### PROBLEM TO WORK ON
Would you repeat the listing exactly but omit every picture?

### DATA

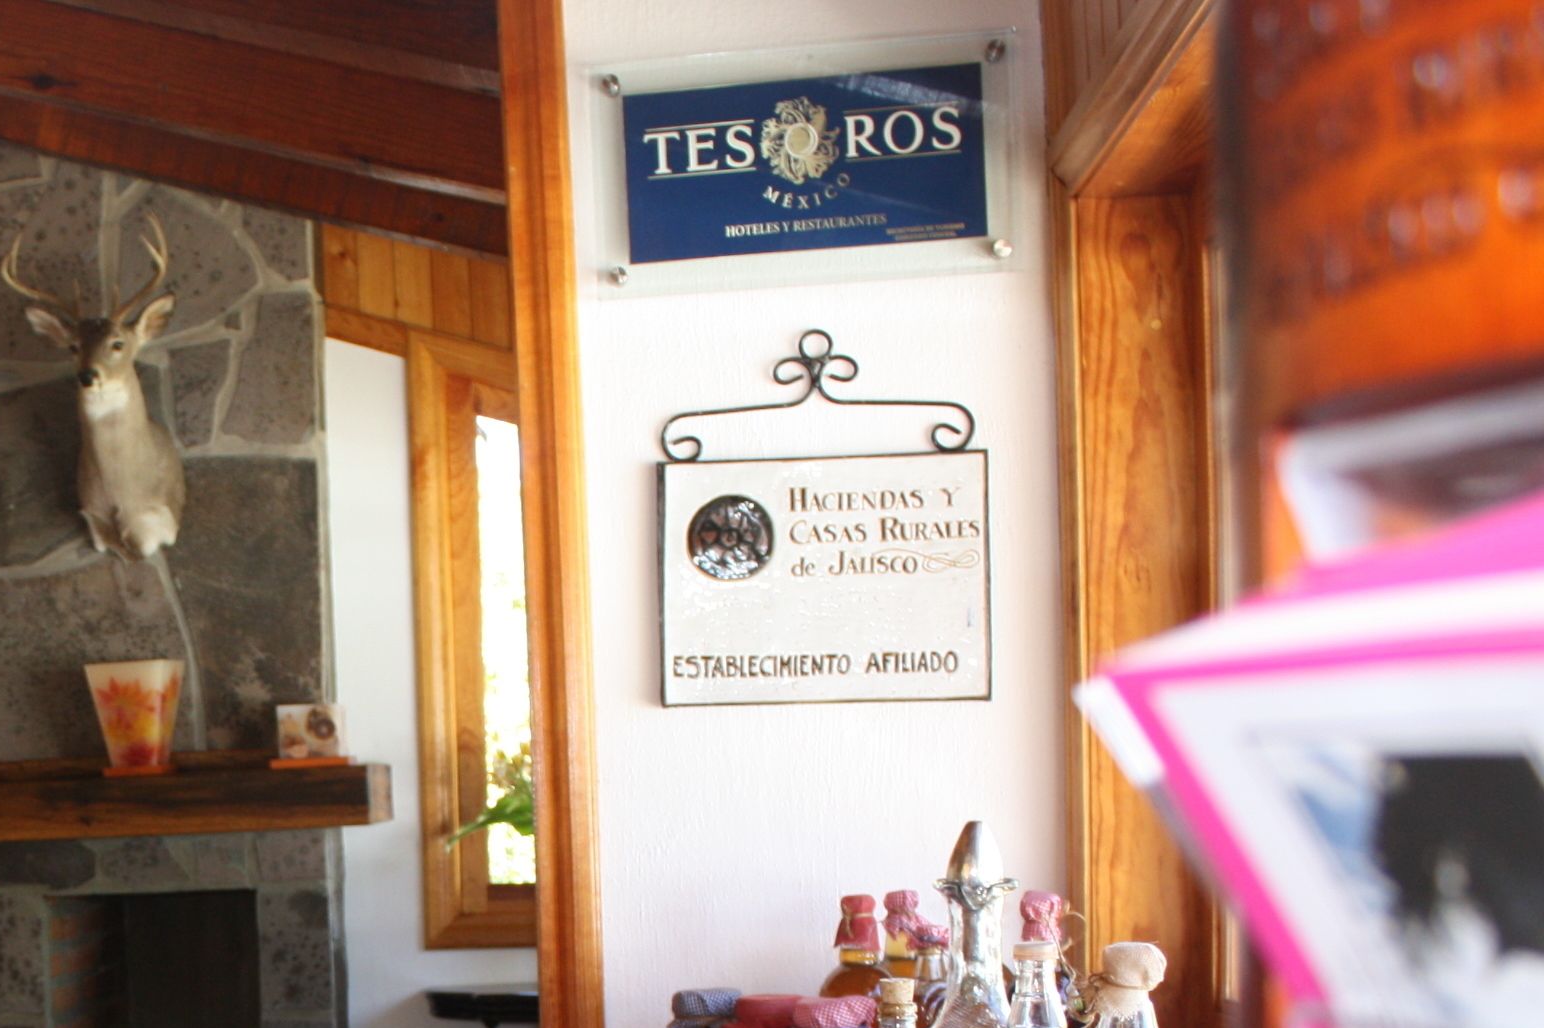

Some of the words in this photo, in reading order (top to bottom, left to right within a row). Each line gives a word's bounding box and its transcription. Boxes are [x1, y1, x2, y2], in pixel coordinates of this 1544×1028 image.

[724, 222, 781, 238] HOTELES
[782, 221, 790, 233] Y
[793, 213, 887, 232] RESTAURANTES
[940, 487, 961, 507] Y
[791, 556, 815, 577] de
[673, 655, 851, 679] ESTABLECIMIENTO
[865, 651, 959, 673] AFILIADO

### SOLUTION TO THIS TASK
Some of the words in this photo, in reading order (top to bottom, left to right within a row). Each line gives a word's bounding box and its transcription. Boxes are [x1, y1, x2, y2], in pixel coordinates of this 1544×1028 image.

[724, 222, 781, 238] HOTELES
[782, 221, 790, 233] Y
[793, 213, 887, 232] RESTAURANTES
[940, 487, 961, 507] Y
[791, 556, 815, 577] de
[673, 655, 851, 679] ESTABLECIMIENTO
[865, 651, 959, 673] AFILIADO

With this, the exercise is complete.